Back in 1971, when citrus was king in Florida, industry promoter Anita Bryant greeted fans at the Dick Mills Clearwater Showroom. Bryant, then famous for singing "Come to the Florida sunshine tree" jingle, was there to promote all things citrus. Those days are fading fast. [Norman Zeisloft, Tampa Bay Times]

Back in 1971, when citrus was king in Florida, industry promoter Anita Bryant greeted fans at the Dick Mills Clearwater Showroom. Bryant, then famous for singing "Come to the Florida sunshine tree" jingle, was there to promote all things citrus.
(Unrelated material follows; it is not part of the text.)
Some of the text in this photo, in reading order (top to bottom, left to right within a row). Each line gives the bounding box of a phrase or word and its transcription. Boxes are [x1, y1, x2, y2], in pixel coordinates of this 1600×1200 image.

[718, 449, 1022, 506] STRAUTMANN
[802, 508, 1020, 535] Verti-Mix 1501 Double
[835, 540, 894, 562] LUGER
Those days are fading fast. [Norman Zeisloft, Tampa Bay Times]

The latest citrus industry story coming out of Tallahassee is even grimmer than the usual coverage of a state orange crop beset by disease, overpriced land for groves and a dwindling consumer thirst for OJ.

"The final forecast of the 2016-2017 season for Florida's struggling citrus industry shows the orange crop falling 16 percent from the previous season — which, itself, had been at a five-decades low."
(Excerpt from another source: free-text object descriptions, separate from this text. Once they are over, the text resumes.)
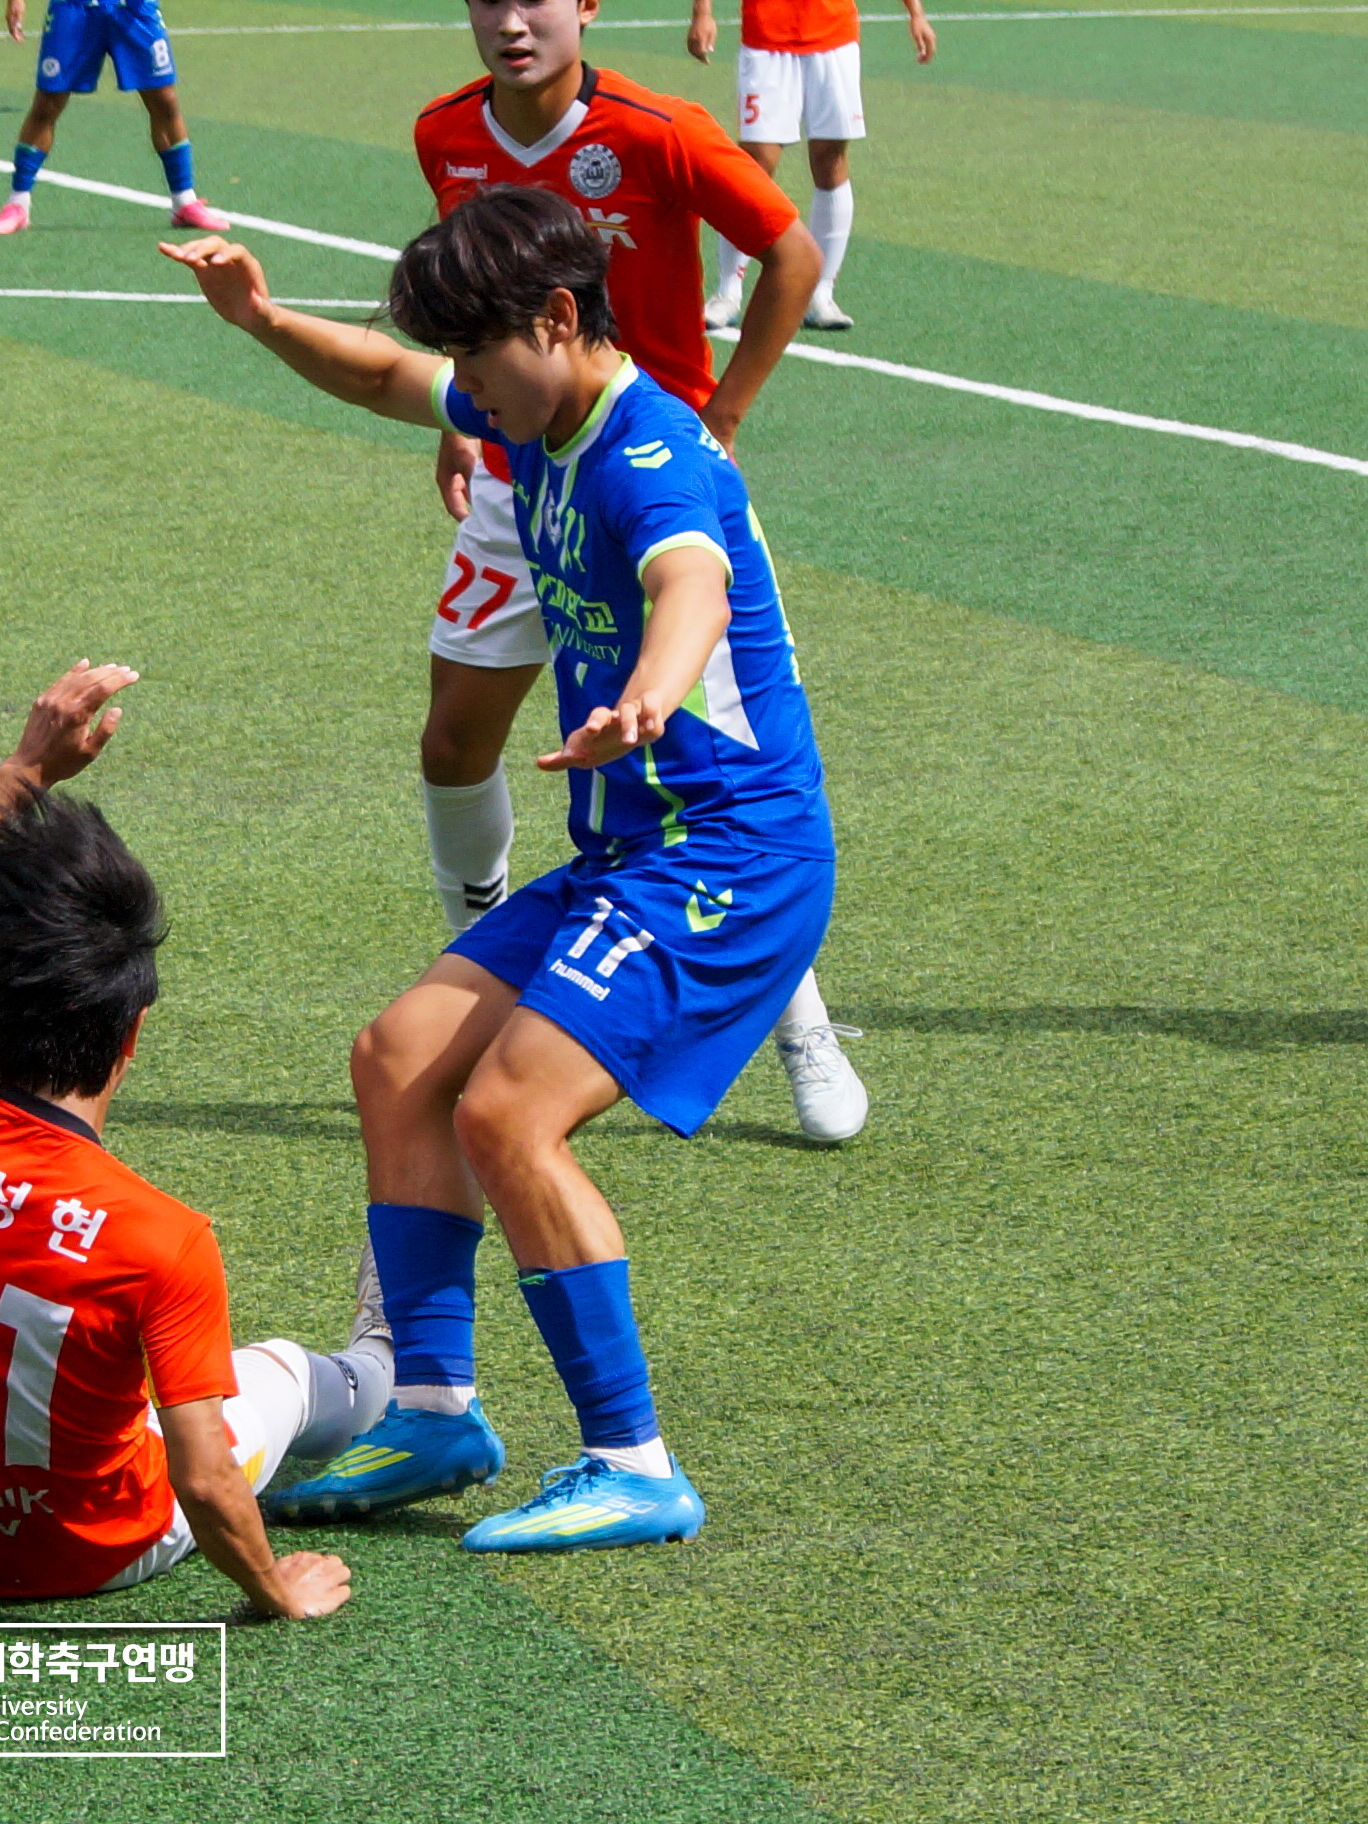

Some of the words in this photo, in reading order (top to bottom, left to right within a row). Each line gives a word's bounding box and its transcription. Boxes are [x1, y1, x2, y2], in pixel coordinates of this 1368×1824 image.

[152, 39, 169, 67] 8
[744, 93, 759, 124] 5
[436, 551, 519, 630] 27
[567, 896, 656, 978] 17
[548, 957, 612, 1002] hummel
Such was the official news this week. I'm reminded of the news about the poor soul who fell off a 10-story building only to be run over multiple times by the busy traffic below.

One can only sustain so much damage. How many times can we write about the fading citrus industry in the Sunshine State?

Florida Agriculture Commissioner Adam Putnam, part of an enduring citrus family — and very possibly our next governor — is not about to forsake the orange grove just as he strives to become Gov. Putnam. This week he referred to citrus greening as "a biblical plague" upon the state.

Plague or not, Florida needs to pursue not only in a Plan B, but a Plan C and maybe D. What else can an entire industry do when Mother Nature and the free market team up and decide citrus is no longer our agricultural cornerstone?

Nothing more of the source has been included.